10

Images

From Sierra Leone to Afghanistan

IN 2009, KATE PICKETT AND RICHARD WILKINSON PUBLISHED THE Spirit Level, a book that did much to support the theory that inequality is the reason for much of what is right or wrong in any given society, and that it can literally drive people to crime.14 Wealth and poverty have far less to do with it, which is why the United States and Nigeria, for example, suffer from similar social problems, despite the huge difference in their GDP: they have similar levels of inequality.

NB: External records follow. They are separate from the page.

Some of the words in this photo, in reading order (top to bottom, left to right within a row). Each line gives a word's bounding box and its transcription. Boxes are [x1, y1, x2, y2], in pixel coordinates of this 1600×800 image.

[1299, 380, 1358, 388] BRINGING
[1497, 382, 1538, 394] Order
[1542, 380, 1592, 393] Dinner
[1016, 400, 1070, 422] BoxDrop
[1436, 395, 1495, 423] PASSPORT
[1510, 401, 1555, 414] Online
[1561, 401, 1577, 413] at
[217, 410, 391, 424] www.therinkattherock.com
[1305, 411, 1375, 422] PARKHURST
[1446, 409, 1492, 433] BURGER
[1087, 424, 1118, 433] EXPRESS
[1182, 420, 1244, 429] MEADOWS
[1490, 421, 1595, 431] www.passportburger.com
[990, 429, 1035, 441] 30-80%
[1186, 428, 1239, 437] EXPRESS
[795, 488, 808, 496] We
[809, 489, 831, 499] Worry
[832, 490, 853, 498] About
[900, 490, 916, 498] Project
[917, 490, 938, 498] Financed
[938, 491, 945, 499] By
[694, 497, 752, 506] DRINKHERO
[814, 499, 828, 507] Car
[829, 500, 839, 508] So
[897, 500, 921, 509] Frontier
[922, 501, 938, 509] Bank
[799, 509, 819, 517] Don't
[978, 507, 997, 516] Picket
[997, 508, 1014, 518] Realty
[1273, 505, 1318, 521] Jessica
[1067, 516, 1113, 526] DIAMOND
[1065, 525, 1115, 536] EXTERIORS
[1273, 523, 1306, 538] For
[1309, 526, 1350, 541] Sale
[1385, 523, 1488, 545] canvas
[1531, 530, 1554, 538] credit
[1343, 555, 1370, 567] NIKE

Working in Sierra Leone at the invitation of Tony Blair’s Africa Governance Initiative, I heard tell of people there who had spent their life savings on a refrigerator they couldn’t even use because there was no electricity in their village. The trappings of a developed-country lifestyle—like keeping your food in a big shiny refrigerator—had become familiar images throughout the world wherever people had access to media or were exposed to advertising. This created desire, and once desire is triggered in humans, the process of attempting to satisfy that desire must run its course, whether it leads to happiness or to destruction. Obstacles along the way, like not having money or electricity, will be ignored or circumvented. This is how we’re all made, and it’s one of the fundamental drivers of the world we live in.

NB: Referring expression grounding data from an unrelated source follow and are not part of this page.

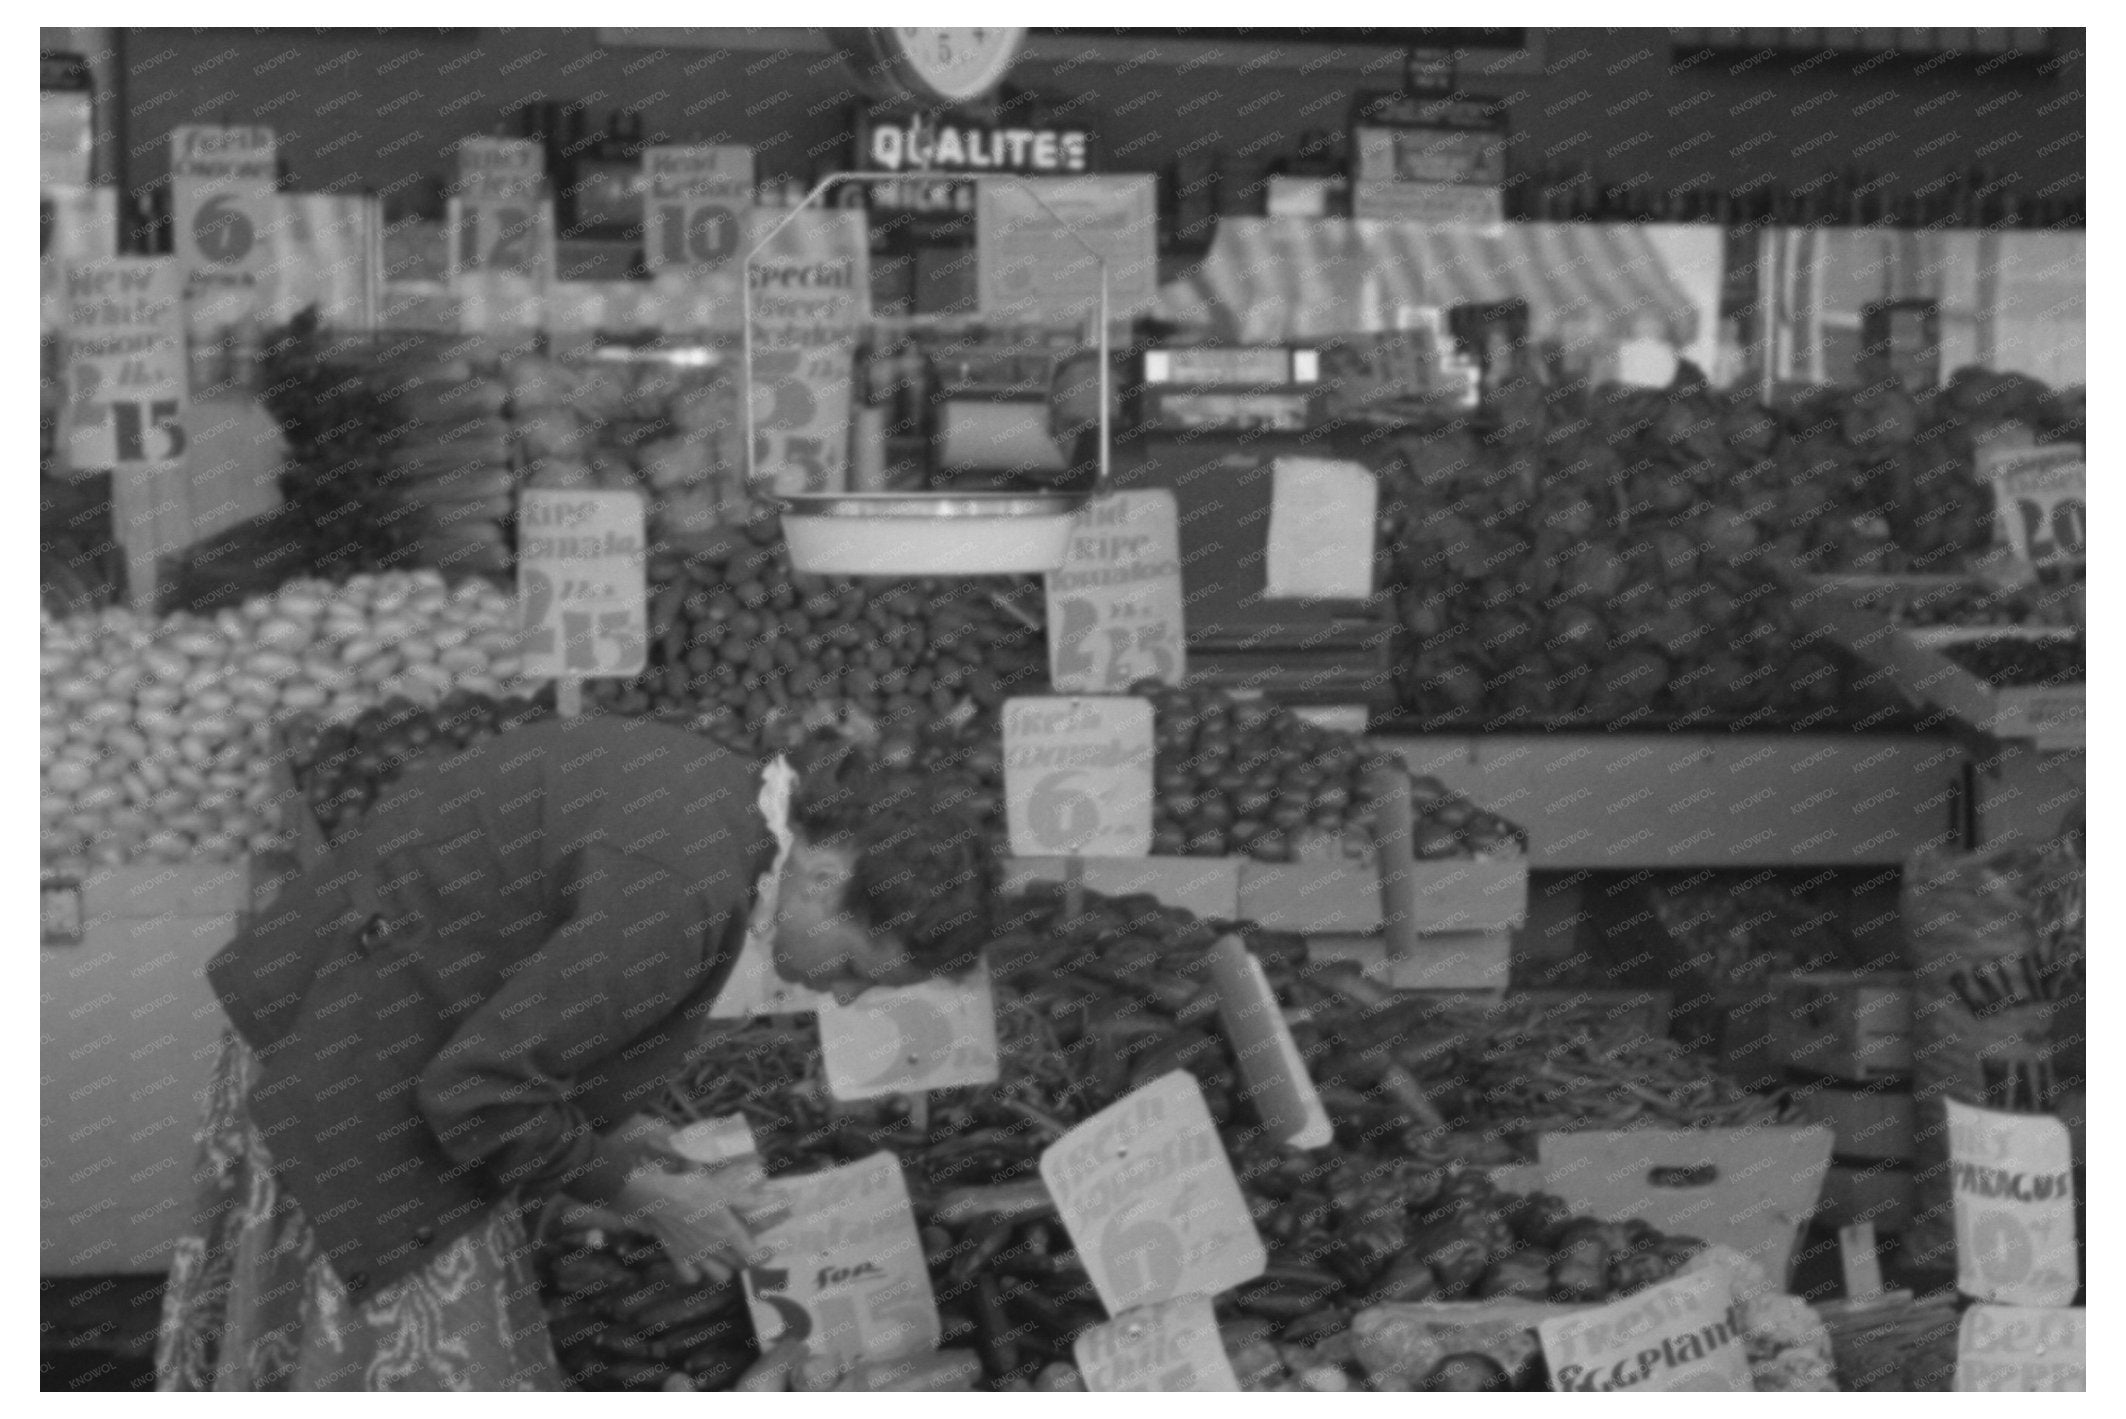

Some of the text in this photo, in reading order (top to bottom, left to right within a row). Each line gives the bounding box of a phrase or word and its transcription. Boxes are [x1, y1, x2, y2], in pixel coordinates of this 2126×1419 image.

[191, 193, 256, 268] 6
[461, 205, 532, 272] 12
[660, 203, 741, 270] 10
[111, 401, 188, 463] 15
[562, 609, 645, 671] 15
[1057, 599, 1099, 676] 2
[1027, 769, 1101, 850] 6

So it occurred to me that the dynamic of inequality leading to social problems of every kind, as described in The Spirit Level, is also played out globally on a daily basis. Thanks to the globalization of media, the sight of prosperity in the rich world drives social problems in the poor world.

And yet the amount that a society has to offer the world can have remarkably little to do with its economic prosperity, and there are so many things other than refrigerators that can form a country’s gift to the world. This point was emphasized for me on the day that Sierra Leone’s president, Ernest Bai Koroma, missed a meeting we’d been scheduled to have because he had to travel back to his village where a baby had been born. I assumed that this was a grandchild or nephew, until he explained to me that it was no relation at all, just somebody from his village, but in Sierra Leone there’s no difference between the two. It was impossible not to wonder how this value might look if elevated to the global dimension.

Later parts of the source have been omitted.